Ratusan Perempuan Ngada Hijaukan Anakan Bambu di Lahan Kritis
Sebanyak 296 perempuan di Ngada dan Manggarai, Nusa Tenggara Timur terlibat dalam penghijauan lahan kritis dan kawasan rawan bencana longsor di wilayah itu dengan 126.449 anakan bambu.
Oleh
KORNELIS KEWA AMA
·5 menit baca
KOMPAS/KORNELIS KEWA AMA
Ketua Kelompok pembibitan bambu Ngada Emilia Mao (kaus putih) bersama beberapa anggota kelompok di Desa Were IV Ngada.
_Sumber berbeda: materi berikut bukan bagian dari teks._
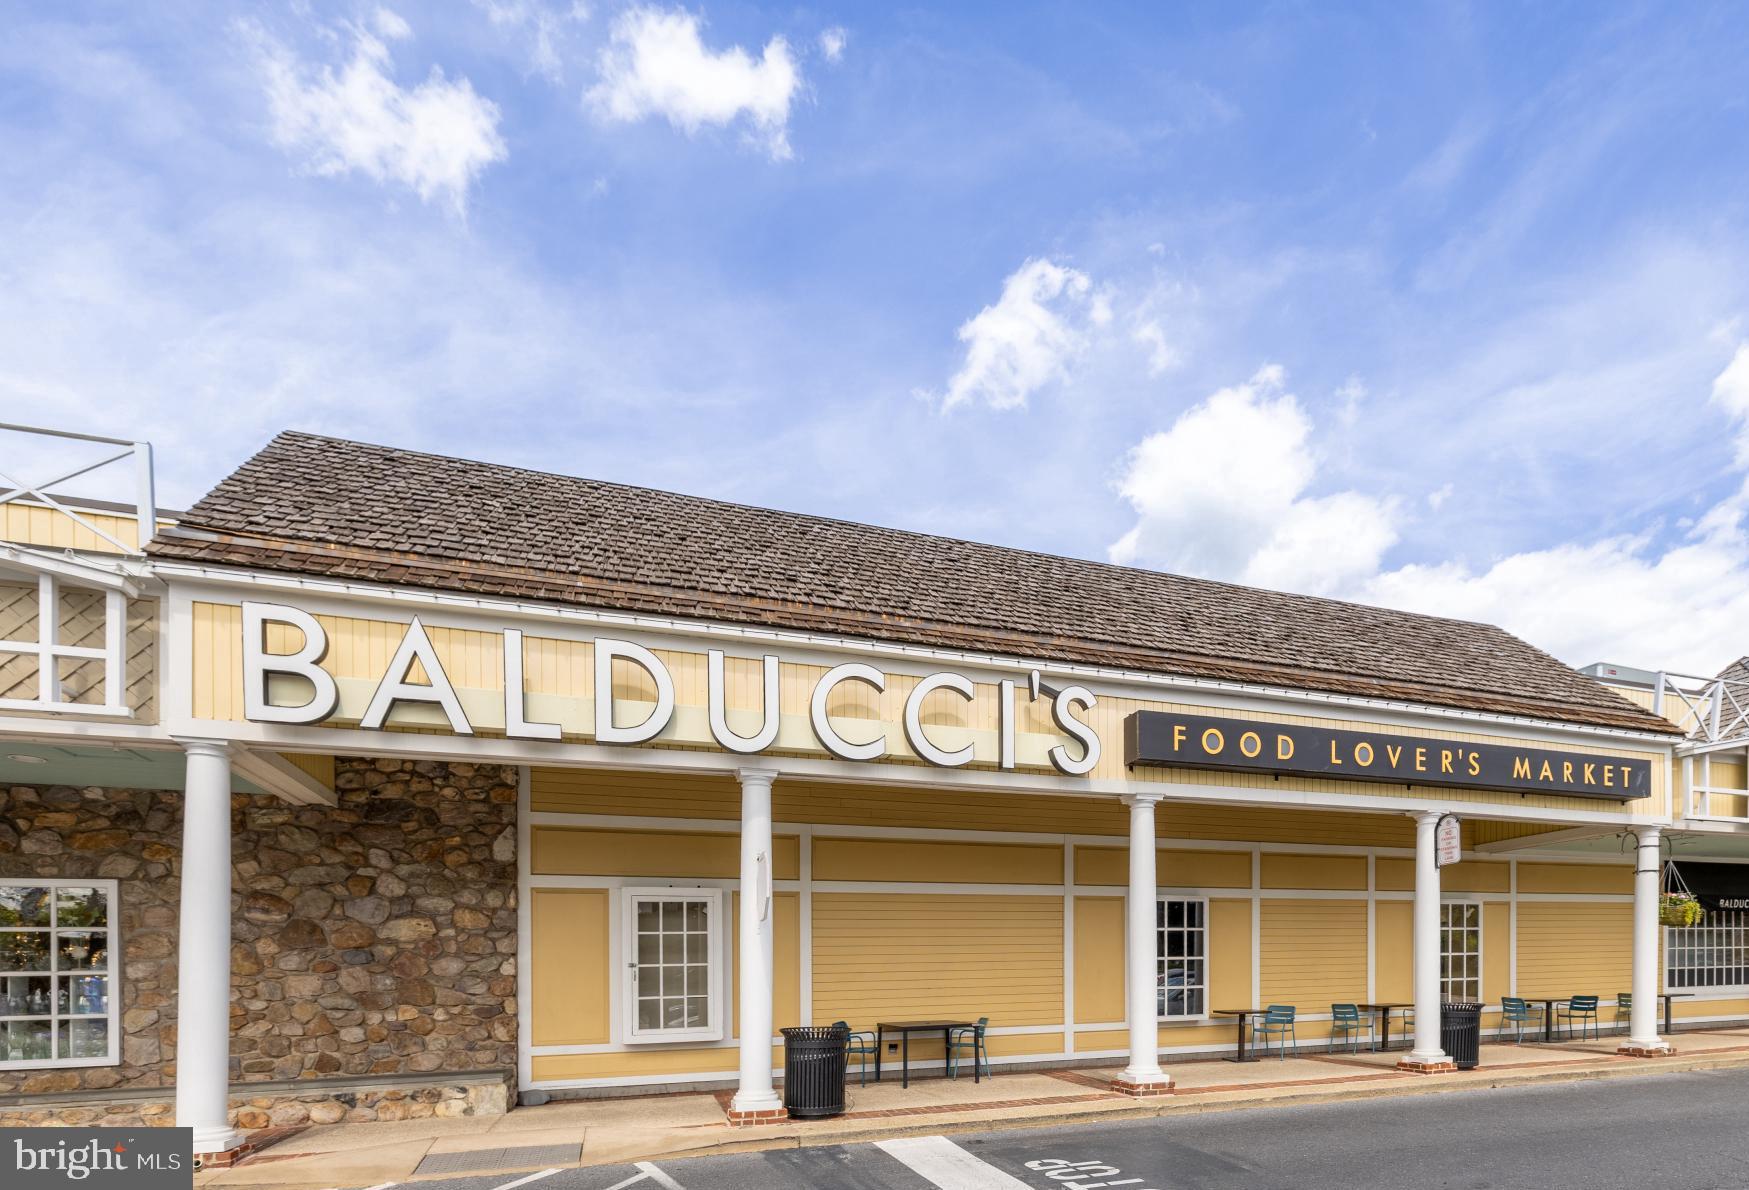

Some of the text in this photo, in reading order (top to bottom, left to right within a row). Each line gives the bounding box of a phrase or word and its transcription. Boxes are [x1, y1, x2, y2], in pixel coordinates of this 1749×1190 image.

[240, 600, 1101, 777] BALDUCCI'S
[1173, 725, 1632, 788] FOOD LOVER'S MARKET
[1024, 1158, 1160, 1190] TOP
Dokumen Yayasan Bambu Lestari.
BAJAWA, KOMPAS — Sebanyak 196 perempuan di Ngada dan Manggarai, Nusa Tenggara Timur berpartisipasi dalam penghijauan lahan kritis dan kawasan rawan bencana longsor di wilayah itu dengan 126.449 anakan bambu. Penghijauan Bambu dinilai sangat cocok menyuburkan tanah, dan mengatasi bencana longsor. Penghijauan serupa dilakukan di Sumba Timur dan Manggarai Barat, dengan jenis anakan berbeda.
Asisten Sekretaris Yayasan Bambu Lestari (YBL) Gustra Adnyana, yang dihubungi saat di Bajawa, Ngada, Sabtu (20/2/2021), mengatakan, ke-196 perempuan ini terdiri dari ibu rumah tangga, ketua PKK desa, dan kelompok perempuan remaja yang tidak memiliki pekerjaan tetap di desa. Mereka tersebar di 19 desa di Ngada dan Manggarai, terlibat langsung melestarikan lingkungan dengan budidaya anakan bambu.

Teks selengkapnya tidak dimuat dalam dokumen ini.